Edit: Actually, I think that it is something with my computer and the mod, not necessarily your save.
Merovech's Mapmaking Guidelines:
0. Player Requests: The player's requests take precedence, even if they contradict the following guidelines.

1. Balance: The map must be balanced, both in regards to land quality and availability and in regards to special civilization features. A map may be wonderfully unique and surprising, but, if it is unbalanced, the game will suffer and the player's enjoyment will not be as high as it could be.

2. Identity and Enjoyment: The map should be interesting to play at all levels, from city placement and management to the border-created interactions between civilizations, and should include varied terrain. Flavor should enhance the inherent pleasure resulting from the underlying tile arrangements. The map should not be exceedingly lush, but it is better to err on the lush side than on the poor side when placing terrain.

3. Feel (Avoiding Gimmicks): The map should not be overwhelmed or dominated by the mapmaker's flavor. Embellishment of the map through the use of special improvements, barbarian units, and abnormal terrain can enhance the identity and enjoyment of the map, but should take a backseat to the more normal aspects of the map. The game should usually not revolve around the flavor, but merely be accented by it.

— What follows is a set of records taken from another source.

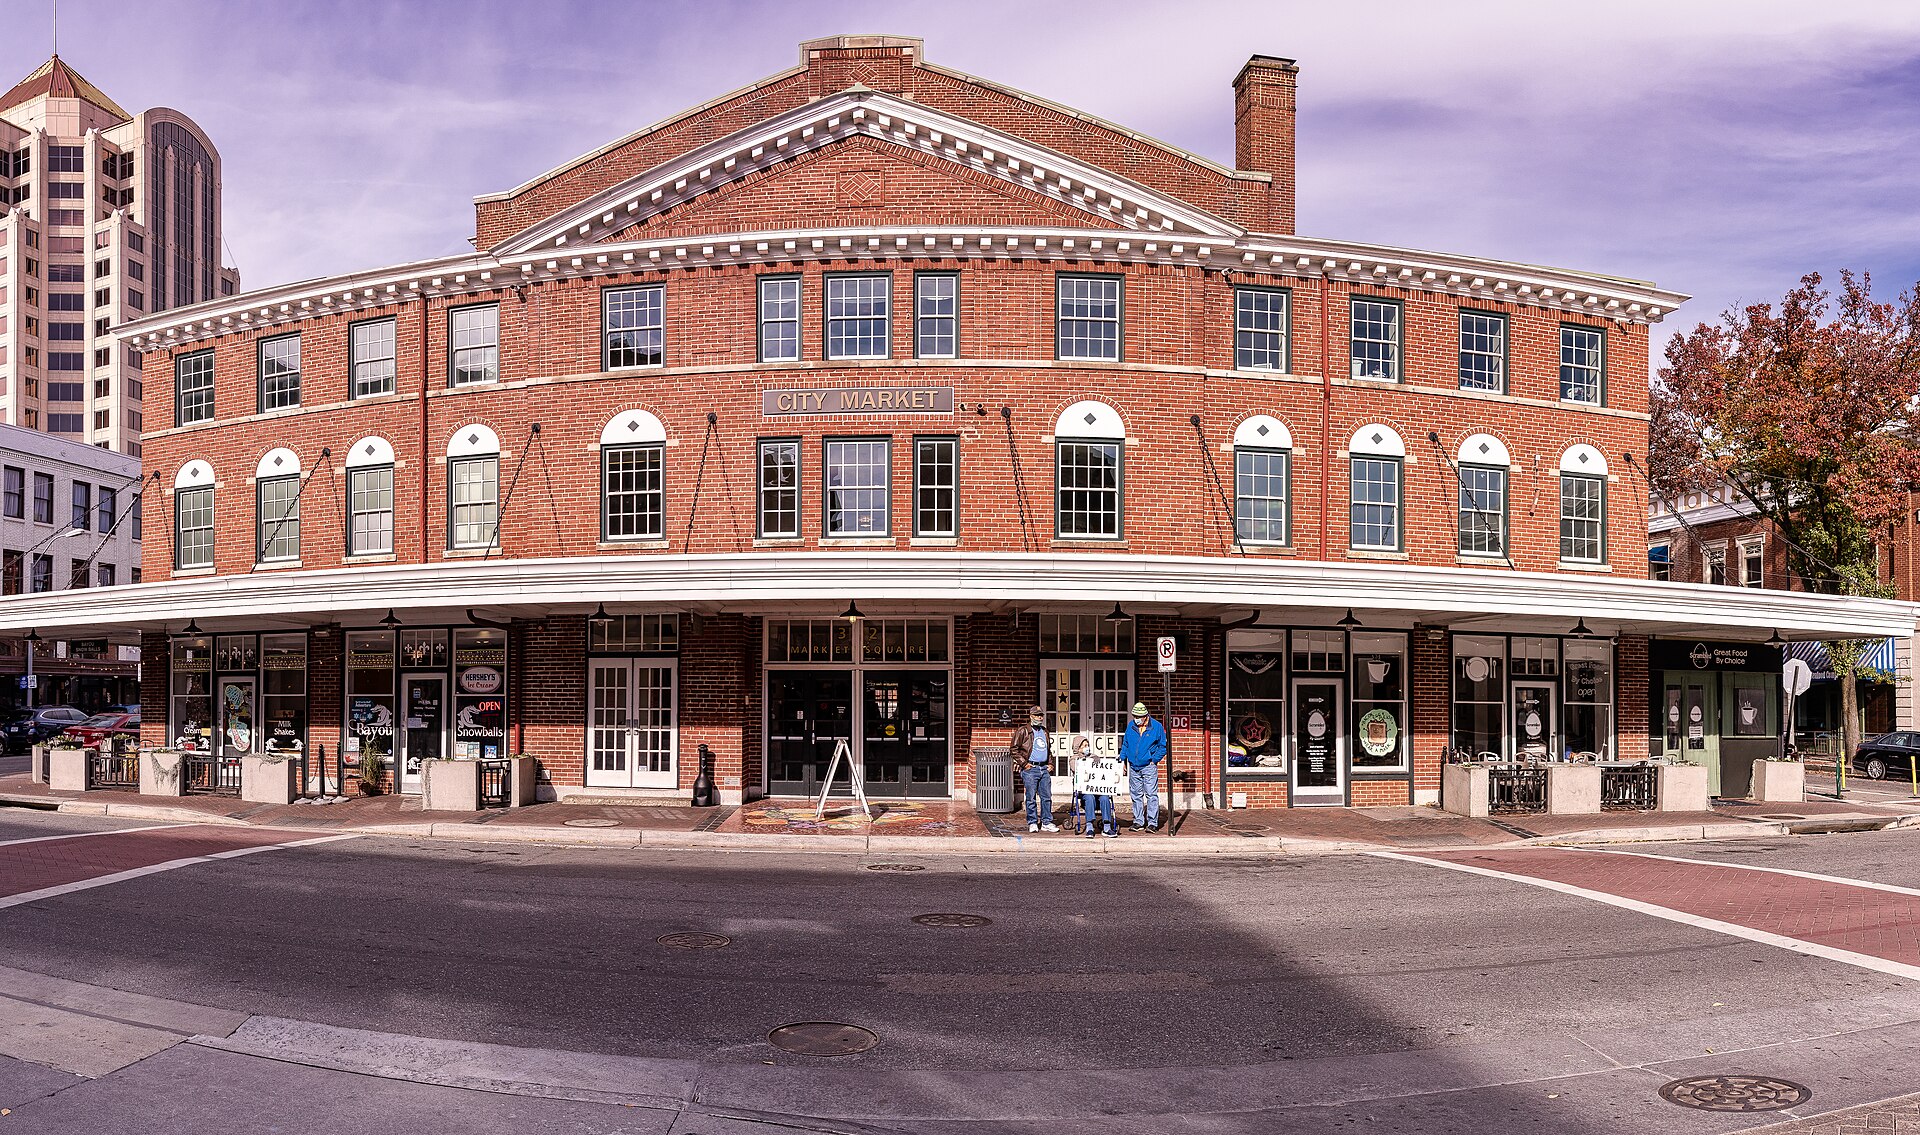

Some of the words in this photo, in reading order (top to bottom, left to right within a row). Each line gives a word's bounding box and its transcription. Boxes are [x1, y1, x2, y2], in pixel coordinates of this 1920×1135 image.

[777, 392, 827, 411] CITY
[840, 390, 938, 409] MARKET
[790, 645, 849, 654] MARKET
[865, 645, 924, 655] SQUARE
[1713, 648, 1731, 657] Great
[1731, 649, 1748, 657] Food
[1724, 657, 1746, 665] Choice
[465, 673, 496, 681] HERSHEY'S
[1812, 671, 1826, 679] eafood
[1577, 688, 1597, 698] open
[478, 701, 501, 711] OPEN
[278, 720, 292, 728] Milk
[184, 727, 202, 735] Cream
[274, 728, 296, 736] Shakes
[351, 720, 393, 743] Bayou
[457, 726, 504, 737] Snowballs
[1091, 761, 1113, 770] PEACE
[1086, 785, 1117, 794] PRACTICE
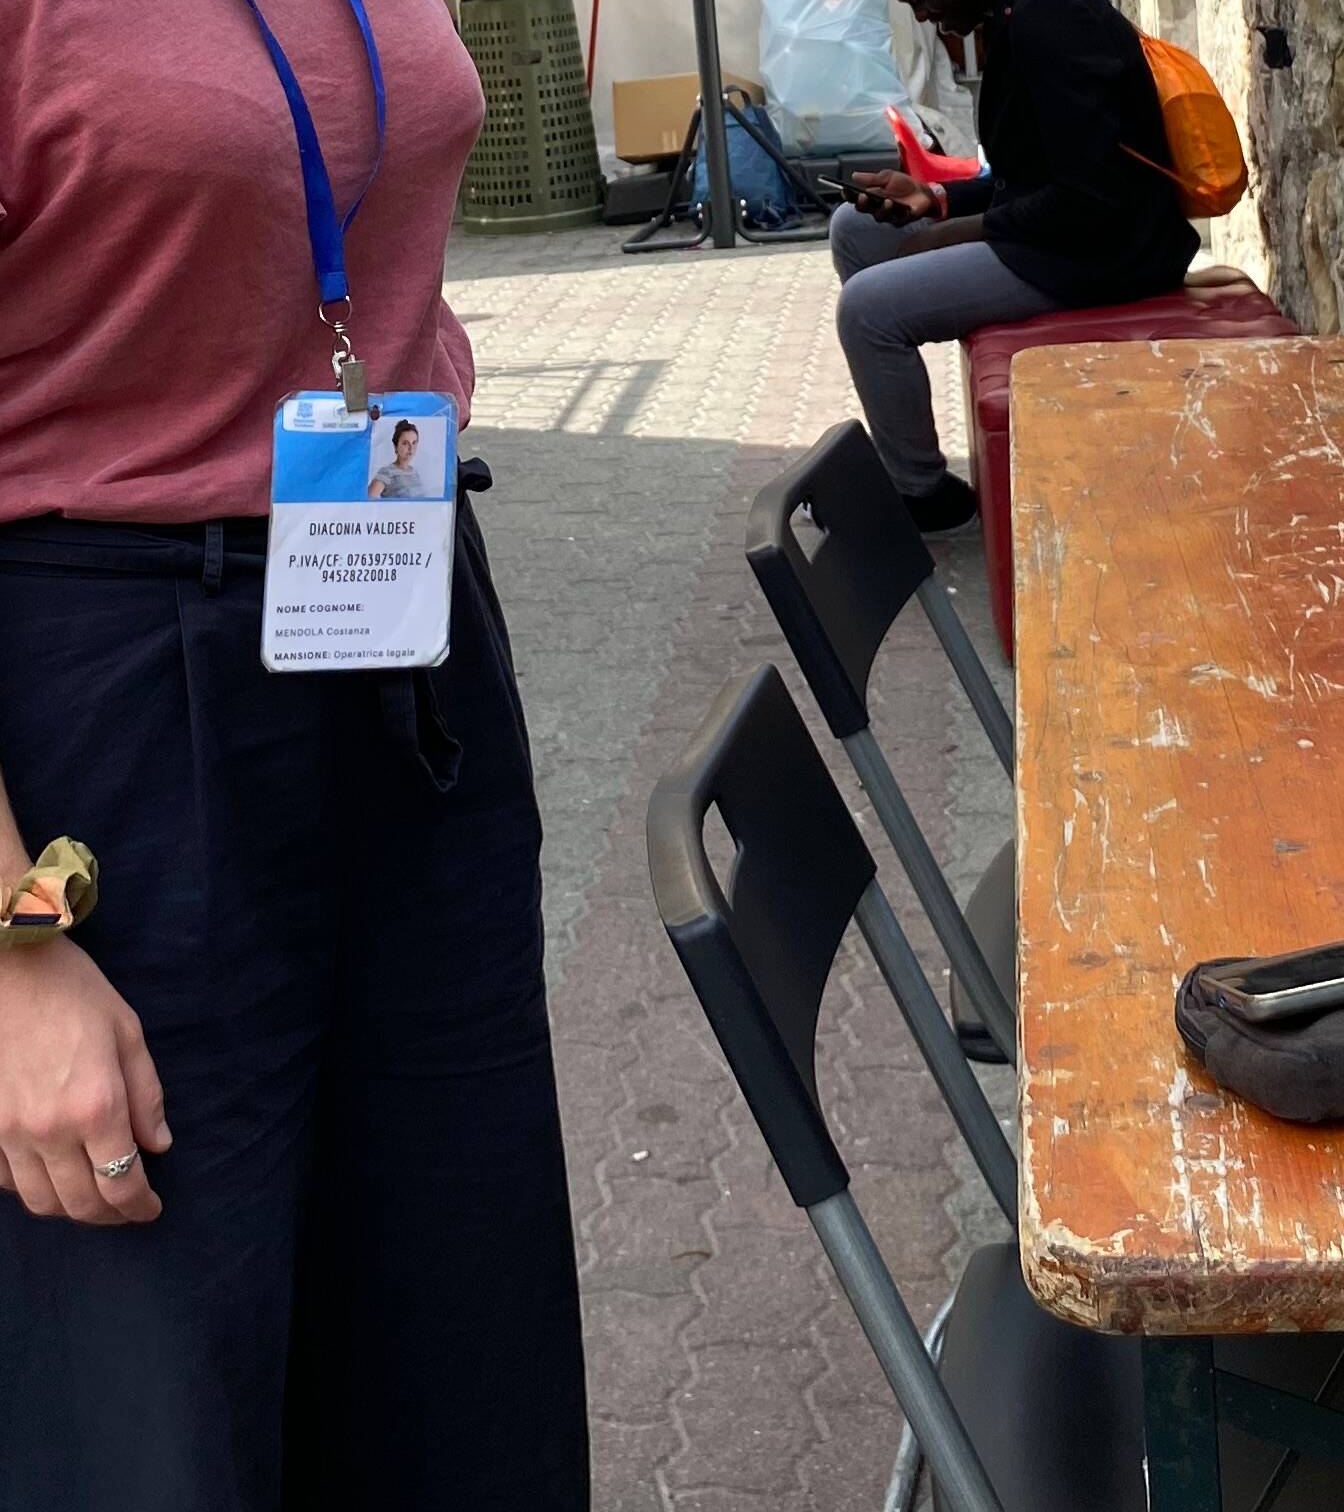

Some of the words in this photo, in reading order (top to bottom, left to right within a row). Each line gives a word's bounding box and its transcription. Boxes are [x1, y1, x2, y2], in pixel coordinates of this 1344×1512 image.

[309, 522, 362, 536] DIACONIA
[366, 521, 416, 535] VALDESE
[288, 554, 343, 570] P.IVA/CF:
[346, 553, 422, 567] 07639750012
[322, 569, 397, 582] 94528220018
[276, 605, 306, 614] NOME
[309, 603, 364, 613] COGNOME:
[275, 628, 323, 638] MENDOLA
[326, 627, 370, 636] Costanza
[274, 651, 331, 661] MANSIONE:
[333, 648, 384, 660] Operatrice
[386, 648, 416, 658] legale

4. Realism: Where possible, the terrain of the map should be realistic. Jungles on desert tiles, or even next to desert tiles, should therefore have a very specific reason for existing. Rivers should run downhill or across level ground into bodies of water. Irrigated terrain should have a higher grassland to plains ratio than dry terrain. Mountain chains should cast rain shadows. Islands, mountains, and peninsulas should follow logical plate tectonics.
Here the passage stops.